The problem is that nil can be a perfectly acceptable receiver, and sometimes (as documented for the function/method) you may get a value
and and error.
For example, the documentation for an io.Reader states:
Callers should always process the n > 0 bytes returned before considering the error err. Doing so correctly handles I/O errors that happen after reading some bytes and also both of the allowed EOF behaviors.
Granted, n is an int and not a pointer, but it is wonderful example of getting back a value and an error.
I think static analysis will not help much. There is no way in the language to know if a nil value is valid or not. Consider the simple code of:
var p *SomeType
p.Method()
The compiler can make no assumptions about p since Method may indeed handle a nil receiver. Yes, the compiler could reach down into Method and check if all paths eventually lead to an unrecovered panic, but as long as one path does not, the nil may be valid. I am not sure the (very small) gain is worth the effort here.

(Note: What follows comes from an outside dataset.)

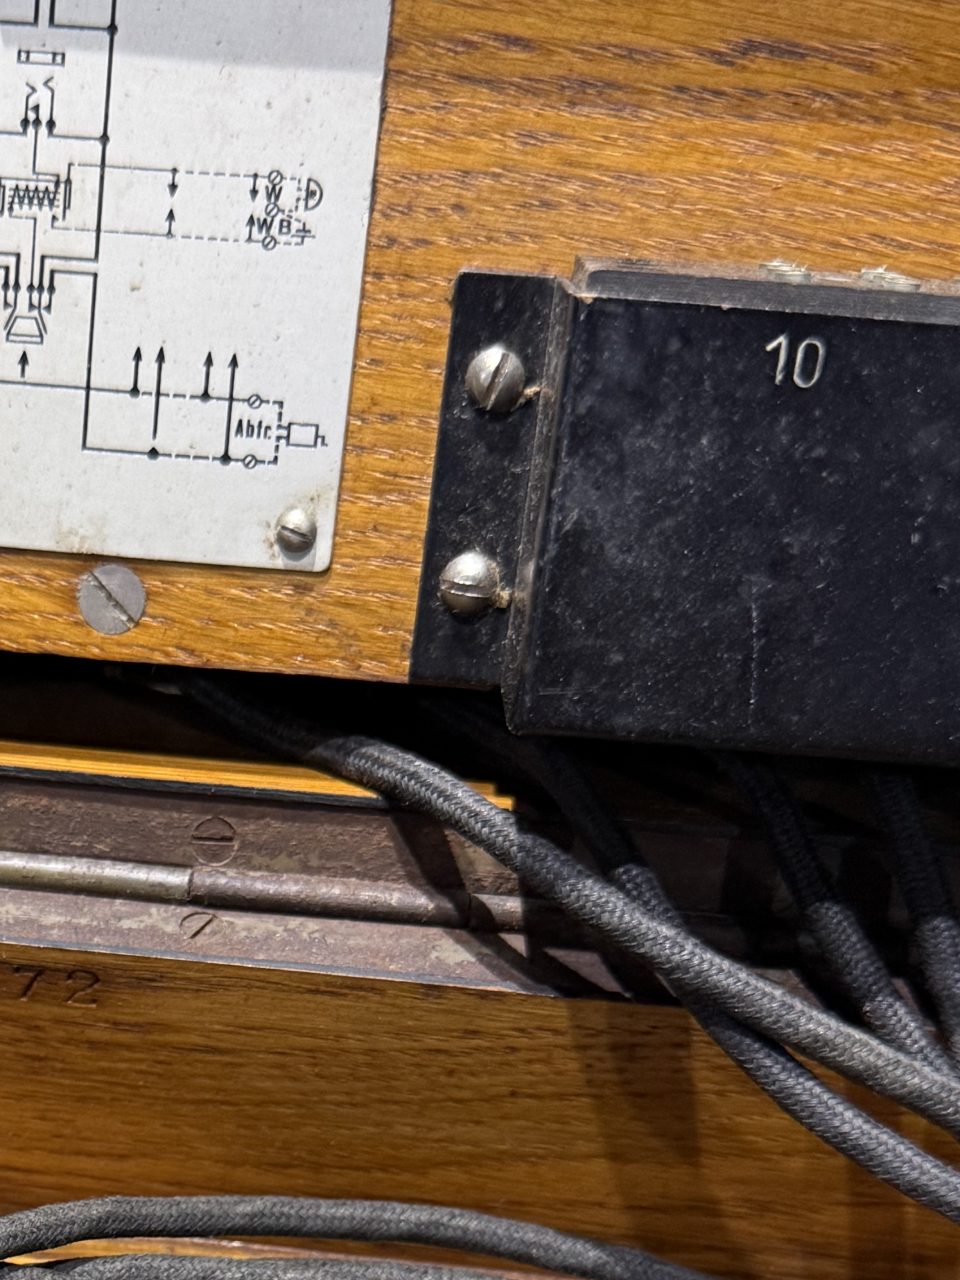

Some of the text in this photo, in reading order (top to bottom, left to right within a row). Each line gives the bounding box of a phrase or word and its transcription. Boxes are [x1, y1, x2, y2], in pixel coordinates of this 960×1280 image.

I would be much happier if the compiler could figure out that given:
const showDebug = false
var debug(f string, v ...interface{}) {
if showDebug {
fmt.Printf(f, v...)
}
}
and then
debug("%s: %v\n", foo.Name, foo.SomeExpensiveCall())
that if foo.SomeExpensiveCall() has no observable side effects (other than returning a value) that it needn't even be called as it's value will never be productively used.